Introduction

June 05, 2021

So you've just finished generating the abstract syntax tree for your language, and you want to implement some kind of type inference. Or maybe you're fascinated by the scarce amount of type annotations you need in a language like Haskell or Rust and you want to know how it works. You search around but all you can find are tutorials using functional languages that you struggle to understand or notation heavy research papers that you feel you need a master’s degree to even read.

This series is for you.

But first, what is a type system?

Let's clear up some misconceptions you may have. There are many type systems used across a multitude of programming languages. At its core, a type system is, by definition, a set of formal mathematical rules that specify what type a variable or expression is given some information we have about the program. Consider this code you might find in a C program:

int index;

If we were to write down C's type system on paper, we might have a rule that informally states:

If we see a variable declaration with the word int written in front of it, the type of that variable is int.
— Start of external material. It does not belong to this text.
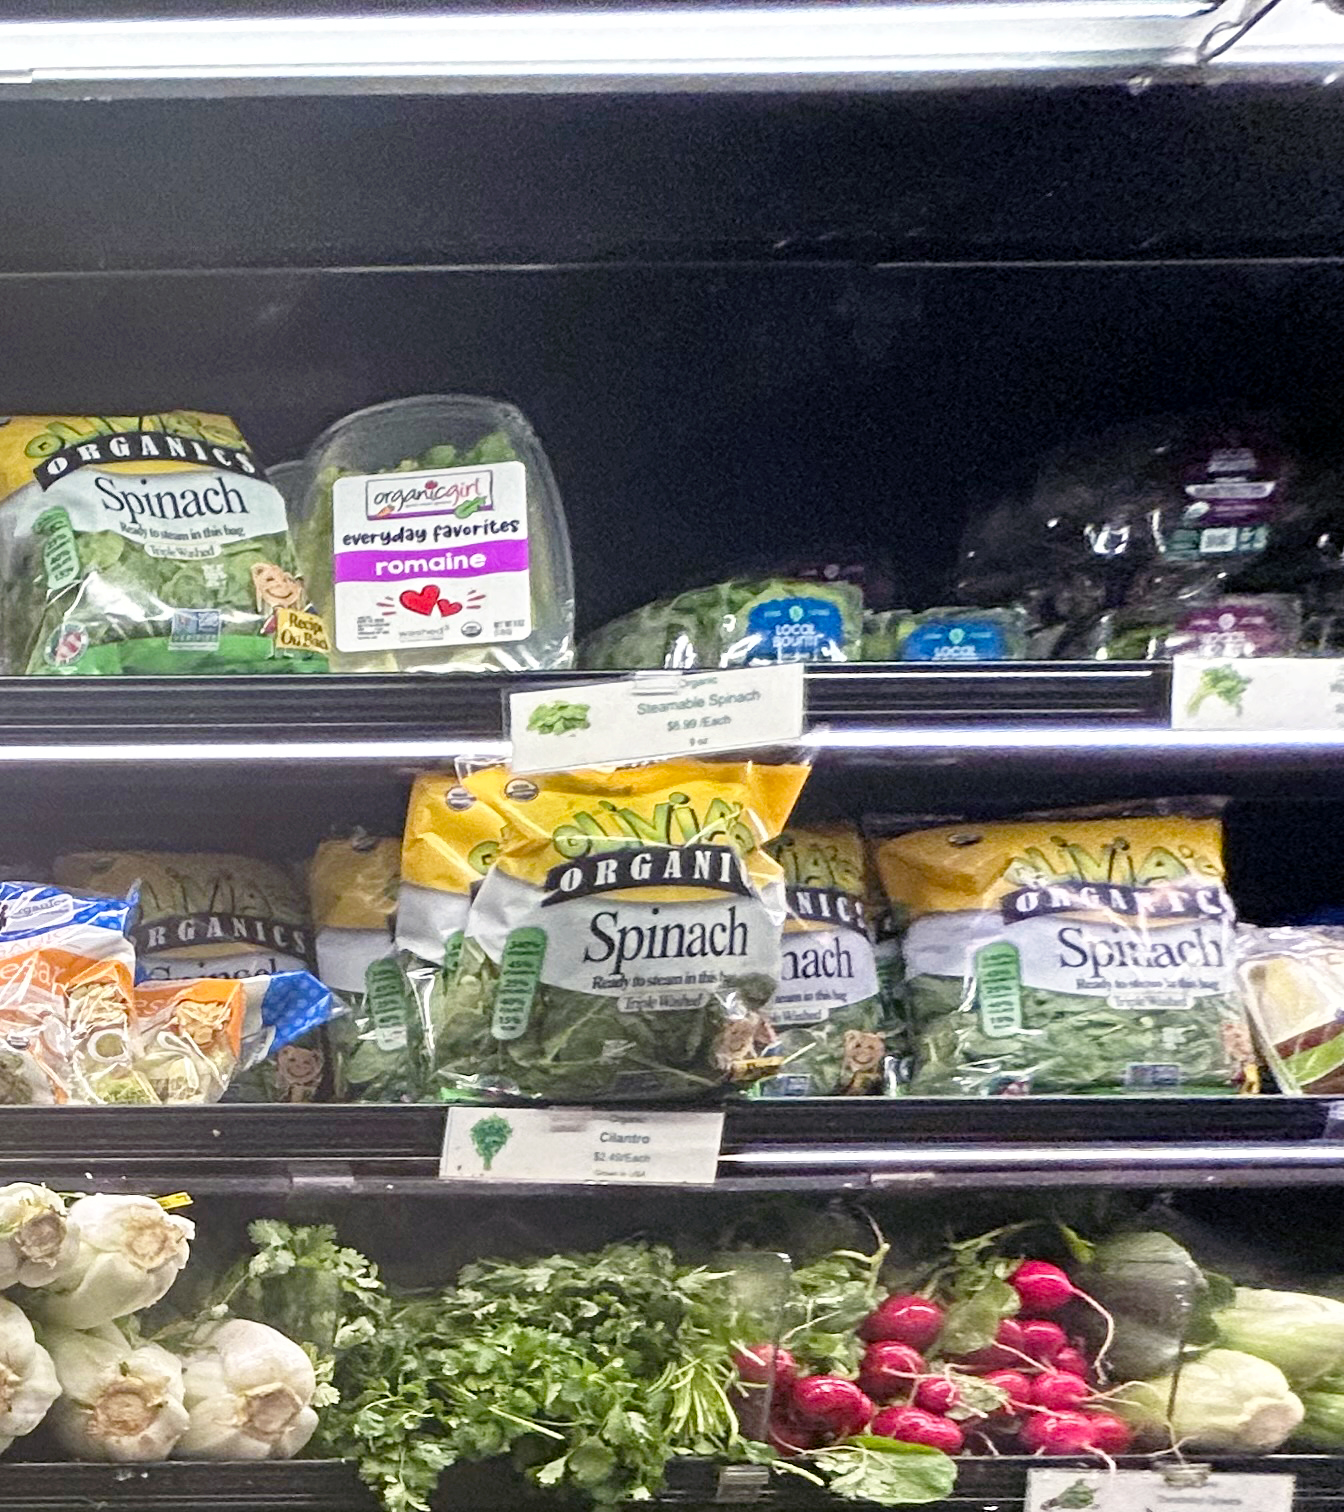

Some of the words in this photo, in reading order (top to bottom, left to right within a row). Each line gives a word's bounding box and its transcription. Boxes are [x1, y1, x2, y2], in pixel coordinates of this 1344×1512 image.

At first glance, this looks like an absolutely useless rule. But note carefully the two different meanings of int. The first time it's used, it's referring to the syntax int (what we literally see in our code). The second time it's used, it's referring to the type int (something a type checker can understand).

Here's another example written in C++:

auto flag = true;

Here we might see a rule stating:

If we see a variable initialization with the word auto written in front of it, the type of the variable is the type of the expression it's assigned to.

We can imagine how changing or adding new rules can result in wildly different and unique type systems. Of course, some rules (and by extension, type systems) make more sense than others. As a simplistic example, it wouldn't make sense to have a rule stating: the expression true has the type float (unless of course, you're trying to prank someone). As such, the design of useful and practical rules and type systems is an active area of research.

Type systems and type inference

You may have read the previous section and wondered, "Hey, can't we turn those rules into a type inference algorithm?", and you'd be right. Most type systems are syntax directed which means that each rule matches with a piece of syntax in a language. We will leverage this property when we write a bidirectional type checker later in the series. For now however, we will make one thing clear:

A type system is not the same as a type inference algorithm itself.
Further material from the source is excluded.